In some embodiments, certain aspects of the techniques described above may be implemented by one or more processors of a processing system executing software. The software comprises one or more sets of executable instructions stored or otherwise tangibly embodied on a non-transitory computer-readable storage medium. The software can include the instructions and certain data that, when executed by the one or more processors, manipulate the one or more processors to perform one or more aspects of the techniques described above. The non-transitory computer-readable storage medium can include, for example, a magnetic or optical disk storage device, solid-state storage devices such as Flash memory, a cache, random access memory (RAM), or other non-volatile memory device or devices, and the like. The executable instructions stored on the non-transitory computer-readable storage medium may be in source code, assembly language code, object code, or other instruction format that is interpreted or otherwise executable by one or more processors.

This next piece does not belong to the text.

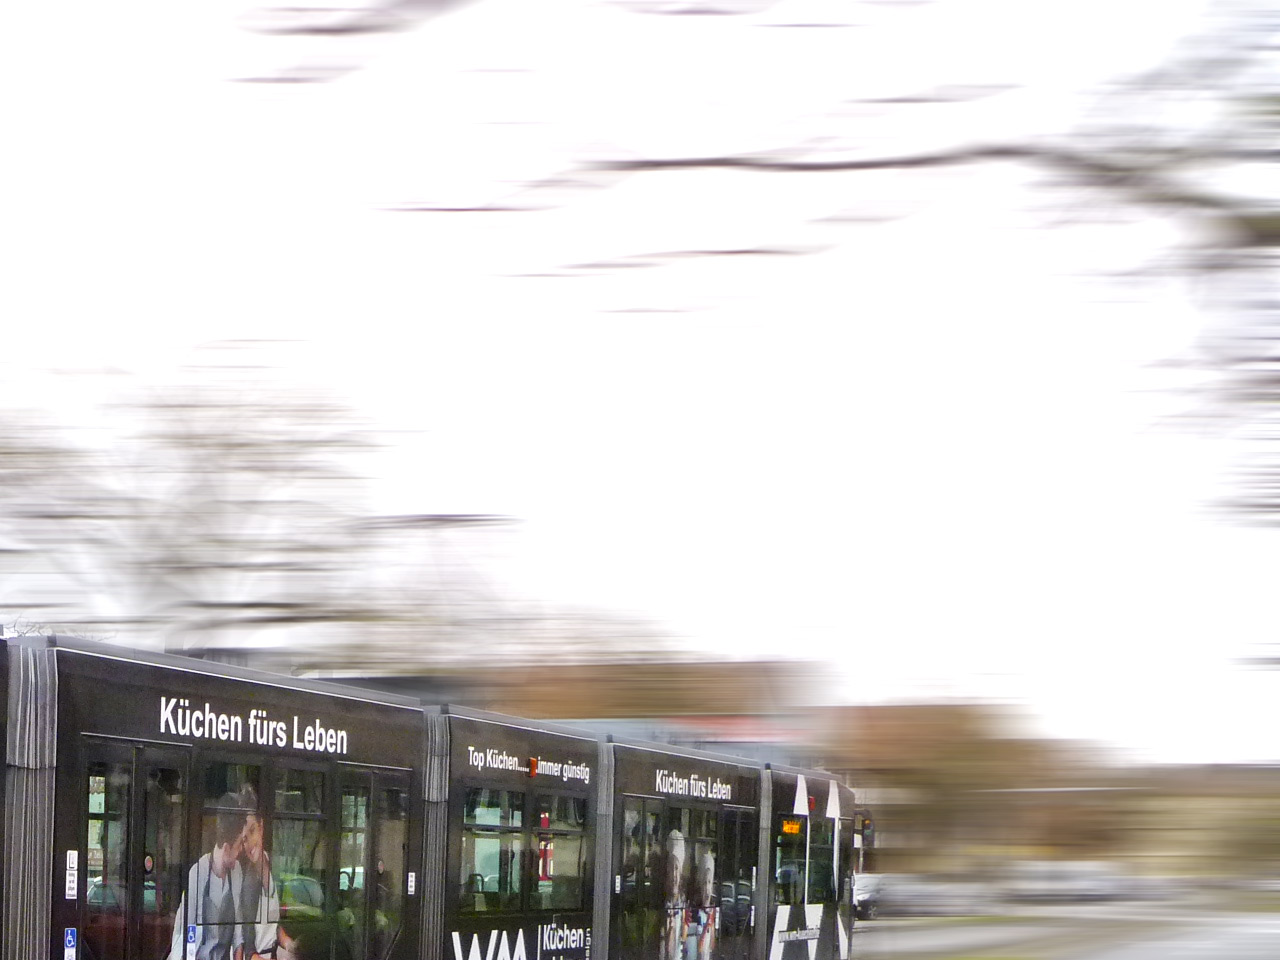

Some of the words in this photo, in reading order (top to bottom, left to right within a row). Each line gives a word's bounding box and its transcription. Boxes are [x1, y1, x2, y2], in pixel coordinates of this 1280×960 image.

A computer-readable storage medium may include any storage medium, or combination of storage media, accessible by a computer system during use to provide instructions and/or data to the computer system. Such storage media can include but is not limited to, optical media (e.g., compact disc (CD), digital versatile disc (DVD), Blu-Ray disc), magnetic media (e.g., floppy disc, magnetic tape, or magnetic hard drive), volatile memory (e.g., random access memory (RAM) or cache), non-volatile memory (e.g., read-only memory (ROM) or Flash memory), or microelectromechanical systems (MEMS)-based storage media. The computer-readable storage medium may be embedded in the computing system (e.g., system RAM or ROM), fixedly attached to the computing system (e.g., a magnetic hard drive), removably attached to the computing system (e.g., an optical disc or Universal Serial Bus (USB)-based Flash memory) or coupled to the computer system via a wired or wireless network (e.g., network accessible storage (NAS)).

Note that not all of the activities or elements described above in the general description are required, that a portion of a specific activity or device may not be required, and that one or more further activities may be performed, or elements included, in addition to those described. Still further, the order in which activities are listed is not necessarily the order in which they are performed. Also, the concepts have been described with reference to specific embodiments. However, one of ordinary skill in the art appreciates that various modifications and changes can be made without departing from the scope of the present disclosure as set forth in the claims below. Accordingly, the specification and figures are to be regarded in an illustrative rather than a restrictive sense, and all such modifications are intended to be included within the scope of the present disclosure.

Benefits, other advantages, and solutions to problems have been described above with regard to specific embodiments. However, the benefits, advantages, solutions to problems, and any feature(s) that may cause any benefit, advantage, or solution to occur or become more pronounced are not to be construed as a critical, required, or essential feature of any or all the claims. Moreover, the particular embodiments disclosed above are illustrative only, as the disclosed subject matter may be modified and practiced in different but equivalent manners apparent to those skilled in the art having the benefit of the teachings herein. No limitations are intended to the details of construction or design herein shown, other than as described in the claims below. It is therefore evident that the particular embodiments disclosed above may be altered or modified and all such variations are considered within the scope of the disclosed subject matter. Accordingly, the protection sought herein is as set forth in the claims below.